> [Records excerpted from a collection]:

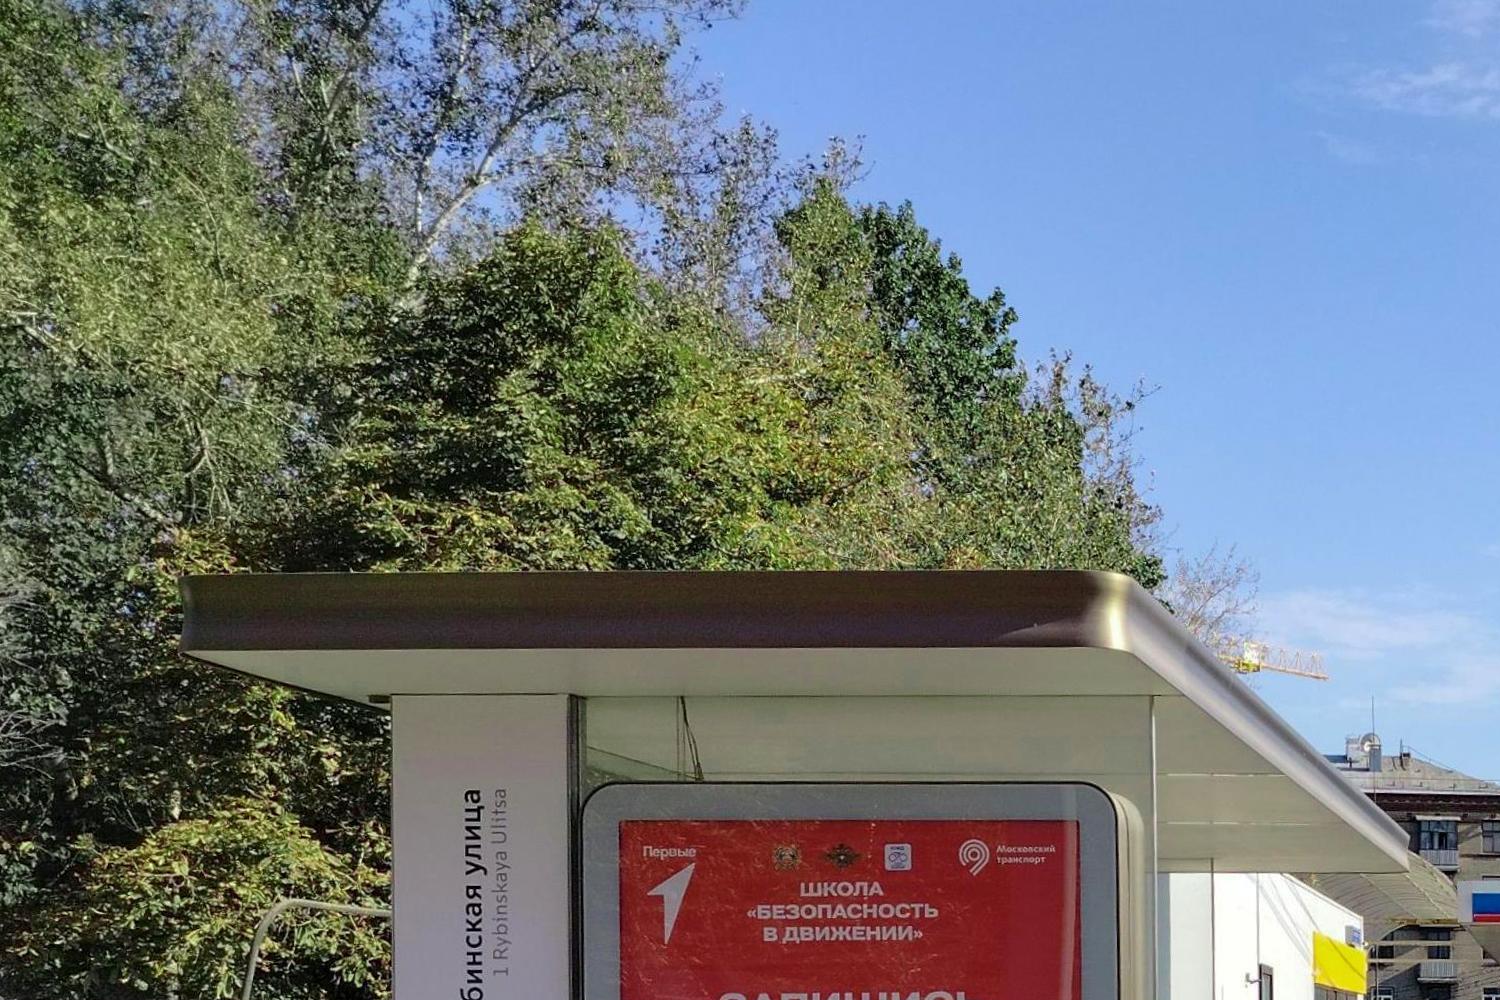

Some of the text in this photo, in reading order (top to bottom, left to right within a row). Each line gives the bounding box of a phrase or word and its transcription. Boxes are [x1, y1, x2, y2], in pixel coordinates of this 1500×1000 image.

[463, 789, 487, 875] улица
[642, 844, 697, 858] Первые
[996, 843, 1056, 854] Московский
[996, 855, 1046, 865] транспорт
[493, 788, 512, 976] 1 Rybinskaya Ulitsa
[800, 881, 884, 897] ШКОЛА
[747, 903, 939, 920] «БЕЗОПАСНОСТЬ
[763, 926, 923, 944] В ДВИЖЕНИИ»

> [WHAT TO WORK ON]:
An exact copy of every entry above is needed, minus the pictures.

> [EXERCISE ANSWER]:
Some of the text in this photo, in reading order (top to bottom, left to right within a row). Each line gives the bounding box of a phrase or word and its transcription. Boxes are [x1, y1, x2, y2], in pixel coordinates of this 1500×1000 image.

[463, 789, 487, 875] улица
[642, 844, 697, 858] Первые
[996, 843, 1056, 854] Московский
[996, 855, 1046, 865] транспорт
[493, 788, 512, 976] 1 Rybinskaya Ulitsa
[800, 881, 884, 897] ШКОЛА
[747, 903, 939, 920] «БЕЗОПАСНОСТЬ
[763, 926, 923, 944] В ДВИЖЕНИИ»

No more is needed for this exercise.